The move was made by the opposition at start of the monsoon session of parliament. Telugu Desam Party (TDP)’s motion first moved this motion which was was accepted by Speaker of Lok Sabha Sumitra Mahajan on July 18.
Time allocated for the debate
Telugu Desam Party (TDP) will initiate the debate and has been allocated 13 minutes by the speaker. The speakers are Jaydev Galla and Rammohan Naidu. The next comes the main opposition i.e. Congress. They have been allocated 38 minutes with Rahul Gandhi and Mallikarjun Kharge to be the speakers. The others will be given time as follows:
AIADMK- 29 minutes
Trinamool Congress- 27 minutes
Biju Janata Dal- 15 minutes
Telangana Rashtra Samithi- 9 minutes
For this debate, the ruling BJP has been given 3 hours and 33 minutes.
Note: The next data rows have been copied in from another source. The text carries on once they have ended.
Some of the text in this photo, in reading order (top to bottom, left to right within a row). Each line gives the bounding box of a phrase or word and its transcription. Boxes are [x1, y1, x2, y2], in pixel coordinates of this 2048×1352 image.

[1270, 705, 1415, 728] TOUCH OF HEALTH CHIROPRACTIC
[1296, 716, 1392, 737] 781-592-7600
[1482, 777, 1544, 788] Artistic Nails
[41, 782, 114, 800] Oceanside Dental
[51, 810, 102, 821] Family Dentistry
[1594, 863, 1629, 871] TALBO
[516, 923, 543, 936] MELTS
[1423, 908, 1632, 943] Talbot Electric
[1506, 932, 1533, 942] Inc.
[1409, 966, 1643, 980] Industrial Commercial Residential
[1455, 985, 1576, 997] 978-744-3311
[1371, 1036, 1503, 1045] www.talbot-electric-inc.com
The total time for the debate is seven hours.
Current situation votes in Lok Sabha
Out of 533-member house, the BJP-led coalition NDA has about 312 members where BJP stands at 267 as 11 seats are vacant. The Congress and the other parties that support the no-trust motion have about 152 seats.
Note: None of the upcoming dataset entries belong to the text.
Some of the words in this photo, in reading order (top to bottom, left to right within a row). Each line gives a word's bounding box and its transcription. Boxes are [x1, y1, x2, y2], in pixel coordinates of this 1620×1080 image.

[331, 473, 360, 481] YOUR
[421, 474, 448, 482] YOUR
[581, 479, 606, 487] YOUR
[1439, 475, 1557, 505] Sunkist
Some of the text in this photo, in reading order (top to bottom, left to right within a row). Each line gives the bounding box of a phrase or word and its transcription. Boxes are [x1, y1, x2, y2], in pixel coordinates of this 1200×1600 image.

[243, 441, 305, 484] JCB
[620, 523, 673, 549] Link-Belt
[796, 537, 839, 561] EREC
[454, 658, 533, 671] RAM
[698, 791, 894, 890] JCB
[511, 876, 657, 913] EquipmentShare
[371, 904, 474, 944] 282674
If a Member of Parliament feels that the government is not functioning satisfactorily then a no-confidence motion is moved by him. It aims at the resignation of the member. In this, debate is initiated and if more than 50 MPs support the motion then it is put to vote, where the ruling government has to prove majority.
It was last happened 15 years ago that motion of no-confidence took place in the Lok Sabha. It was passed by Sonia Gandhi in 2003 which was defeated by then Prime Minister Atal Bihari Vajpayee. Today’s no-confidence motion is the 27th no-confidence motion in our Parliamentary history.